Que faites-vous dans le quartier, Jacques Salomé ?

Je suis venu à l’invitation de l’APM []]l’Association Progrès du Management, ndlr], une association que j’aime beaucoup. Des managers mauriciens qui s’intéressent aux relations humaines m’ont invité à animer un séminaire j’ai accepté bien volontiers.

Vous n’étiez pas censé avoir pris votre retraite il y a 15 ans ?

Si ! Mais le 11-Septembre a changé mes plans. J’ai cinq enfants, dont un fils pilote qui vit aux Etats-Unis. Après les attentats, ils m’ont dit : « Papa, il est temps de reprendre ton bâton de pèlerin. » Comme moi, ils sont persuadés que la communication est l’antidote à la violence. J’ai donc repris mes conférences et mes séminaires de formation. Mes enfants m’ont fait grandir. Ils m’ont bousculé, ils m’ont délogé de mes certitudes. Mes livres, je les ai écrits pour eux.
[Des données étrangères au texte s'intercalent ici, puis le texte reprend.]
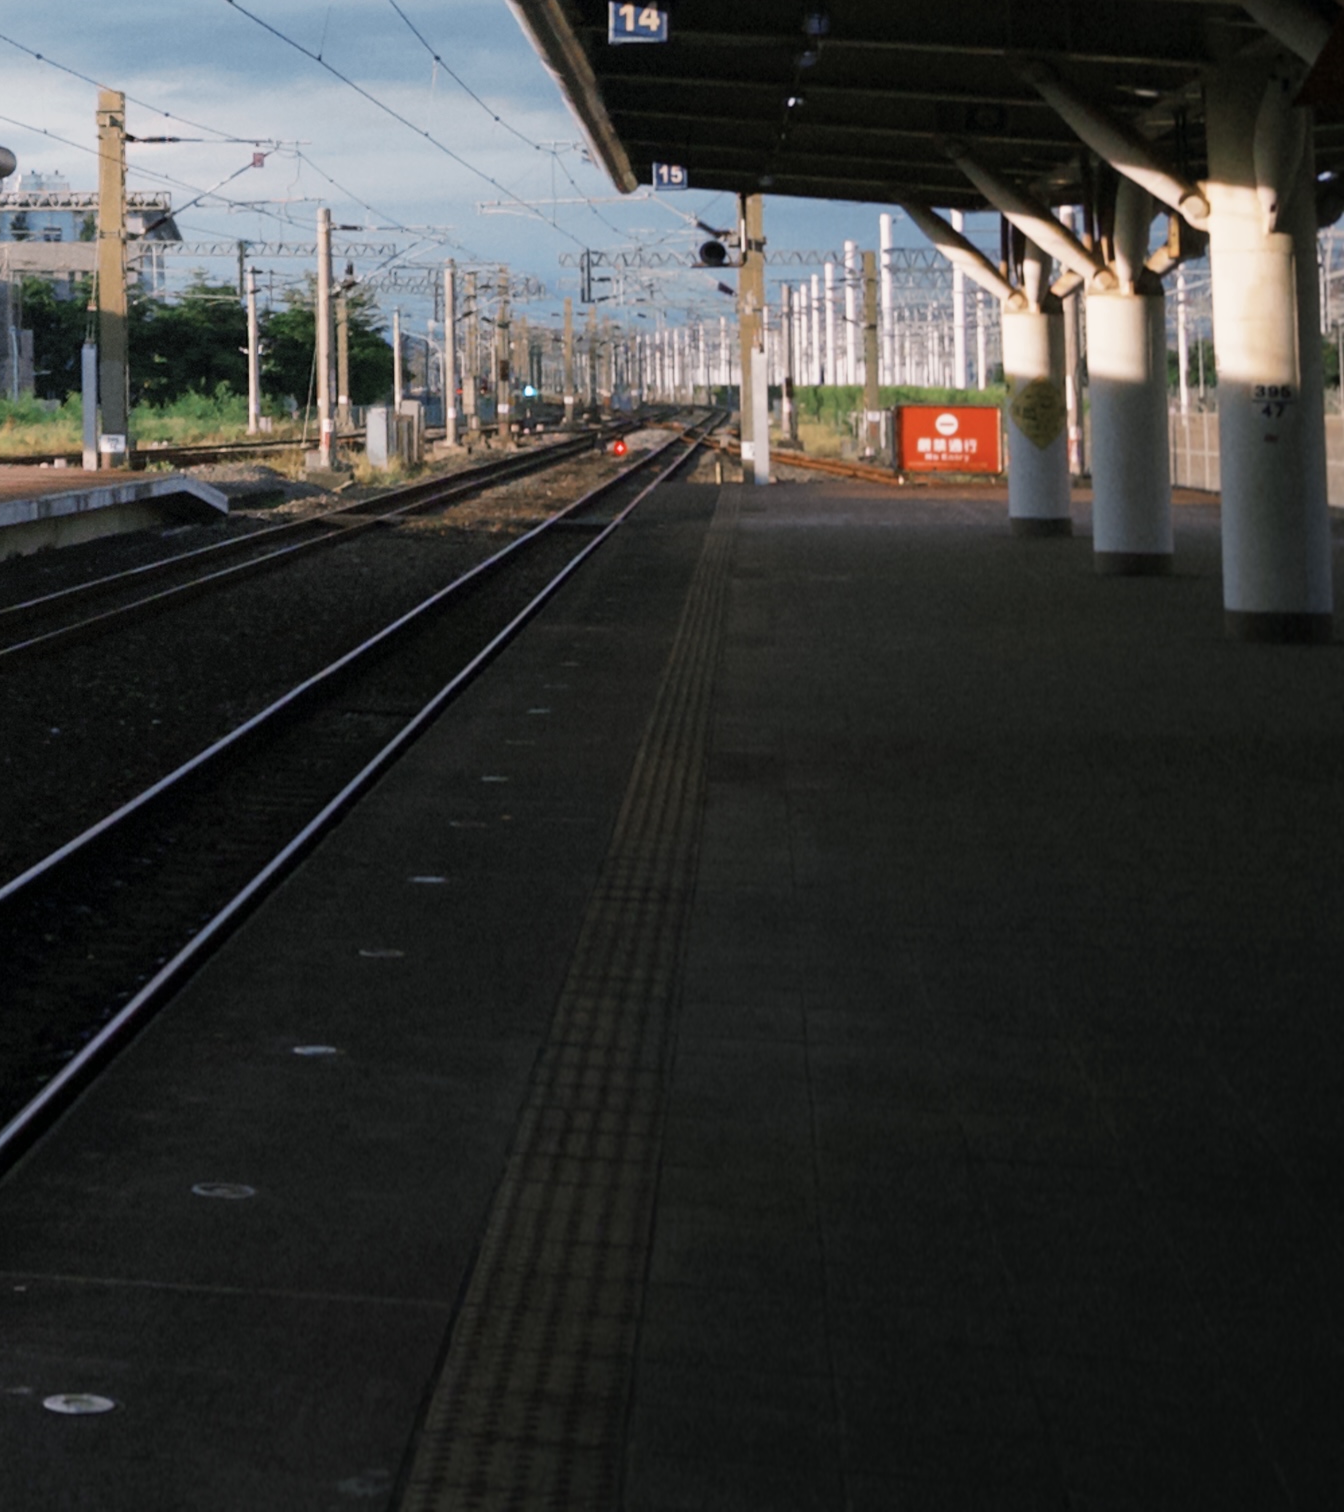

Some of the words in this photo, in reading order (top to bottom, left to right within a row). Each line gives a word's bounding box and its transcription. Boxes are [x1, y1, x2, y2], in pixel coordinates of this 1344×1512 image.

[619, 2, 661, 31] 14
[659, 164, 683, 183] 15
[940, 452, 970, 463] Entry
Ils ont tous le même fi l d’Ariane : heureux qui communique…

Exactement. Aujourd’hui, la communication est en péril. On la dit surabondante mais on confond communication et circulation de l’information. Avec Facebook ou Twitter, l’information circule, on s’exprime, mais on ne communique pas. On a développé des outils incroyables pour favoriser la communication avec le lointain, mais les rapports entre les personnes proches se dégradent. En trois secondes, je parle à quelqu’un à Tokyo, mais je vais mettre six mois avant d’adresser la parole à mon voisin. Moi, je défends l’idée d’une communication relationnelle, c’est-à-dire avec laquelle on peut se relier. Cela revient à proposer le meilleur de soi au meilleur de l’autre.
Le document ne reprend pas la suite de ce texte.